David McCafferty [01:12:51] Well, it’s definitely something that everybody should go see, at least.

Charles Berry [01:12:53] Oh, I think so.

David McCafferty [01:12:55] And you get the history of not only our city, but of our country.

Charles Berry [01:13:00] Absolutely. And, of course, you know, you have to talk to somebody who’s kind of been in it to point out the history of something. You know, even the zodiac is the eclipse, the ecliptic. The path of the sun around the earth is called the ecliptic. And, of course, the Hebrews had the signs of the zodiac. And the zodiac is a greek word for house of animals, and that’s what they saw in the sky. We do the same thing today because we see the little dipper and the big Dipper. Well, they aren’t dippers, they’re just stars and they look like a dipper or Orion, you know? Well, these people really saw some things because there were no buildings, no skies, no lights, and they just looked at the sky and awe. So there’s things like that that go back into history that I’m convinced that my heritage is Hebrew, because the laws of the land, the Bible, the laws of the country, are based on the biblical teachings, just without an argument. And, of course, I’m greek. If I write from left to right, and I read from left to right, that’s my greek heritage. And if you go back far enough, you see how you are and what you are and how you think. And one of the things, before I quit, I wanted to say that what makes you think like you think? Why do you think like you think? How do you arrive at the conclusions you arrive at? Well, you would have to say schooling, mother and father, environment. You would have to say relationship with my peer group. You would have to say, oh, golly. To think of a couple, you’d have to say my brain capacity. We’re certainly not physical capacity, so we must have a brain capacity.
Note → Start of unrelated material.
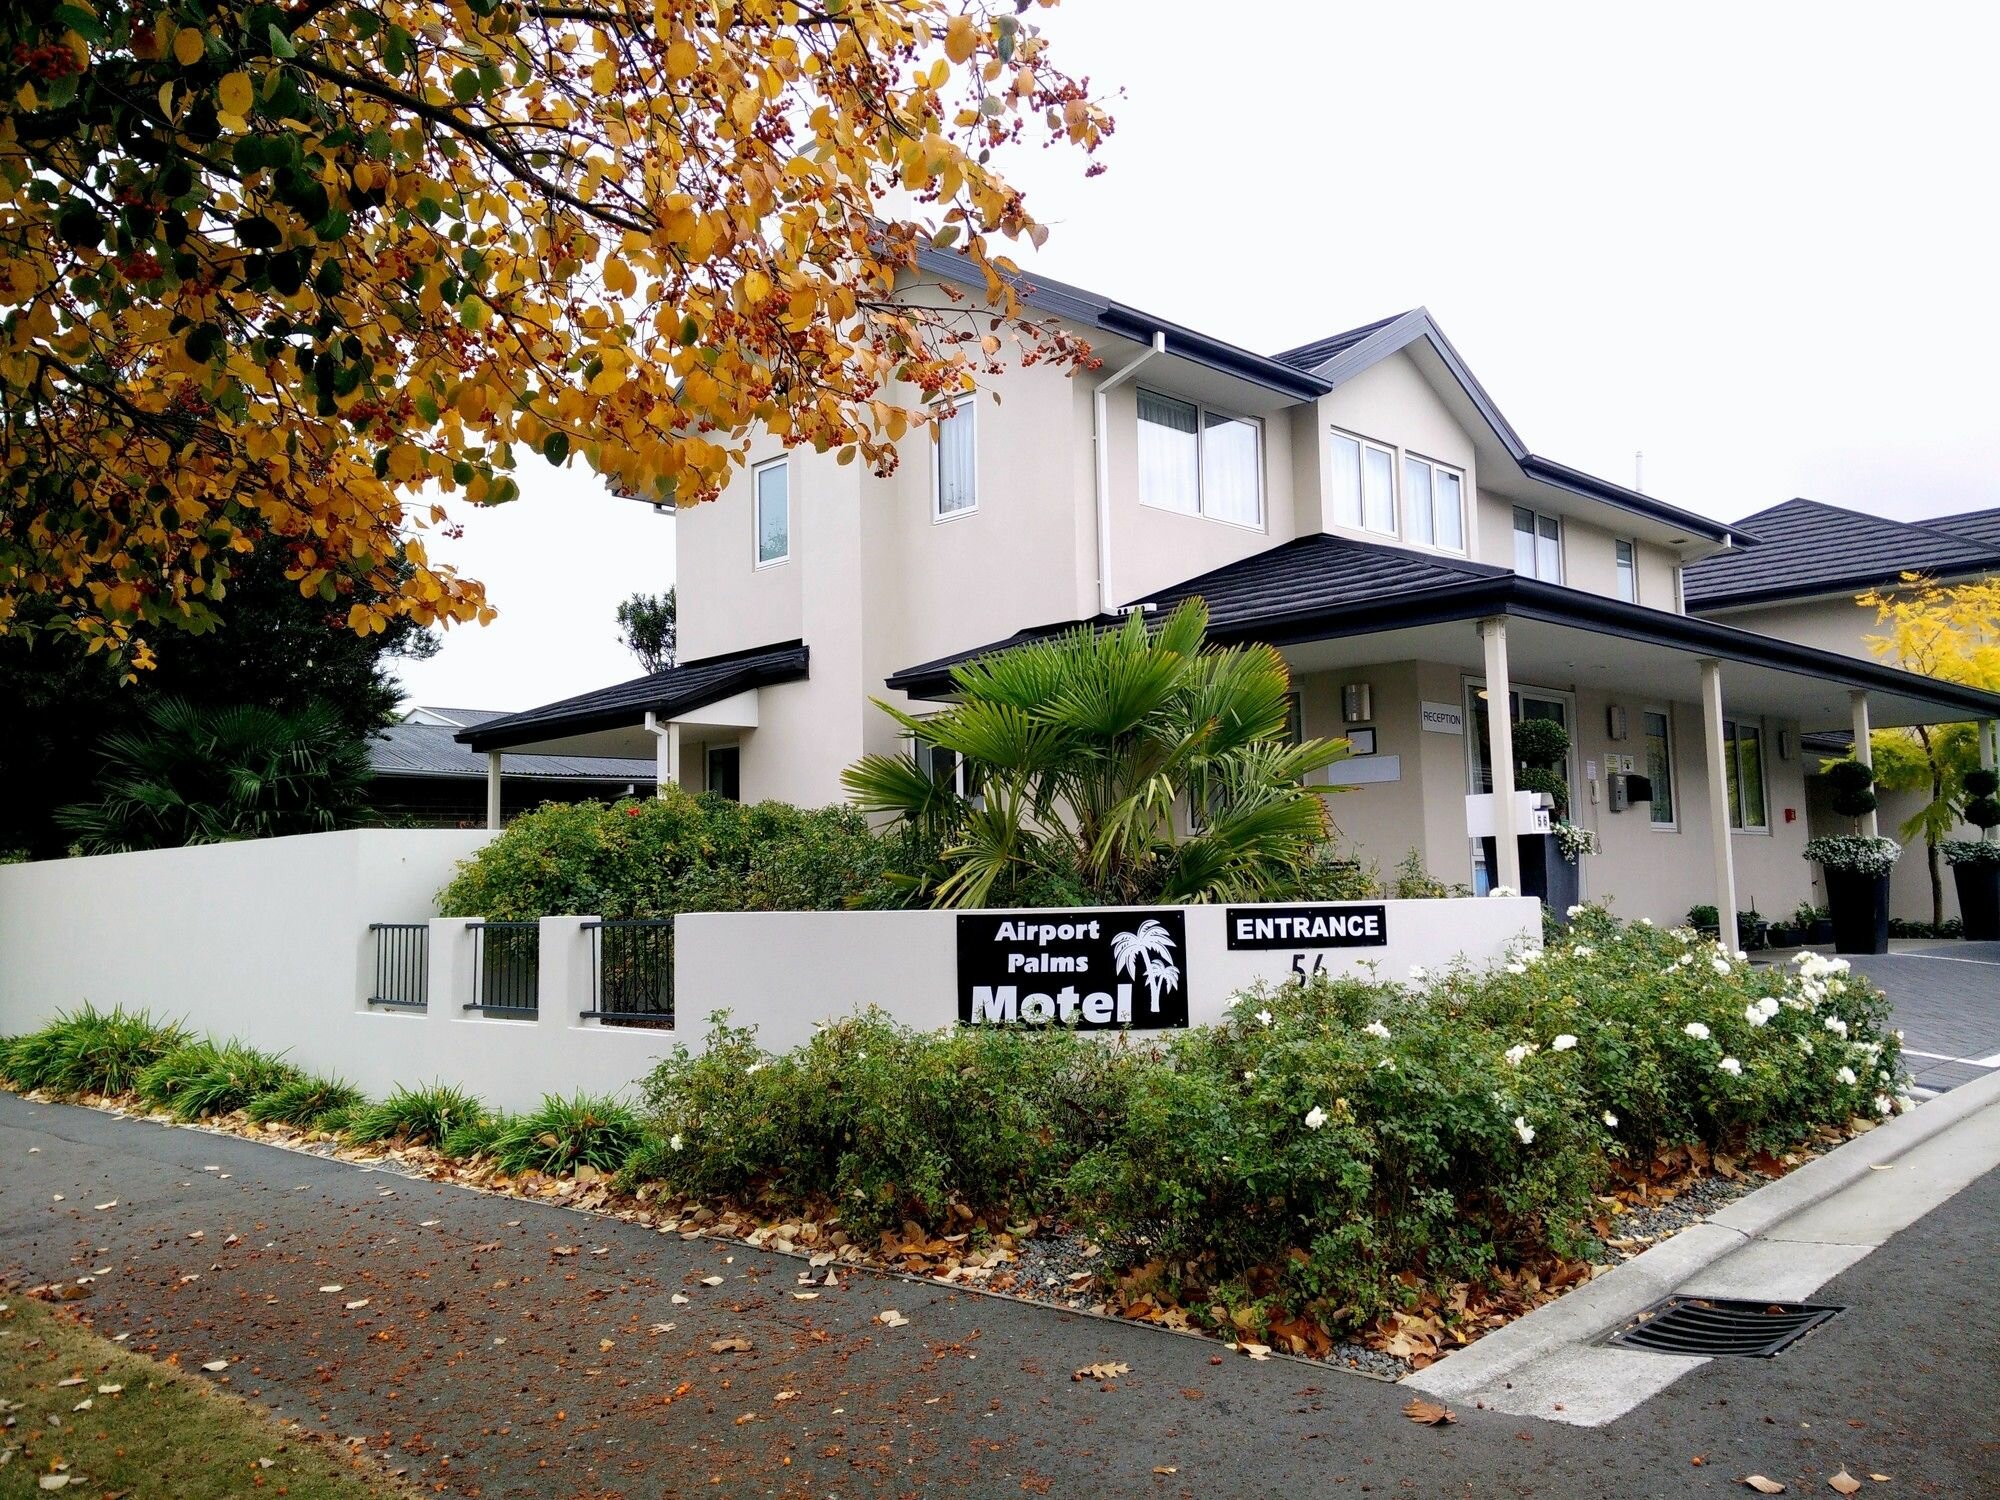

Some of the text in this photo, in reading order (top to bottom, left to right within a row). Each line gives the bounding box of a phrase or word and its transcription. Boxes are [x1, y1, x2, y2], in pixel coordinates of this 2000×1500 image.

You know, Einstein could outthink us all on certain things. We couldn’t even come close to him. So what makes you think like you think? Probably ten or fifteen different things that cause us to think. Masonry kind of helps me with that because I have some things I can pull from and kind of adjust my thinking, and I think that’s what life’s about.
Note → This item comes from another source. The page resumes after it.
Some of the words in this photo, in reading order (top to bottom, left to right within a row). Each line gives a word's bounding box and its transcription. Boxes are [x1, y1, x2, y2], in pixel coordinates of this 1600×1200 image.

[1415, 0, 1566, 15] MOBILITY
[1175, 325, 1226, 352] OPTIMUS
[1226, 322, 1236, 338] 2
David McCafferty [01:15:36] Well, Mr. Barry, this has been a fantastic interview. I thank you for your cooperation. I really appreciate it.

Charles Berry [01:15:40] Well, you’re certainly welcome. It’s been a pleasure. And I enjoy my Masonry and I enjoy talking to people about it.

David McCafferty [01:15:46] Thank you.

Charles Berry [01:15:47] You’re welcome.

Emma Yanoshik-Wing [01:15:48] Can I actually ask, like, just two questions, just to kind of clarify before you leave?

Charles Berry [01:15:52] You certainly can.

Emma Yanoshik-Wing [01:15:54] Just where did you live before you moved into the apartment at 116th in Detroit? Were you still in that same neighborhood?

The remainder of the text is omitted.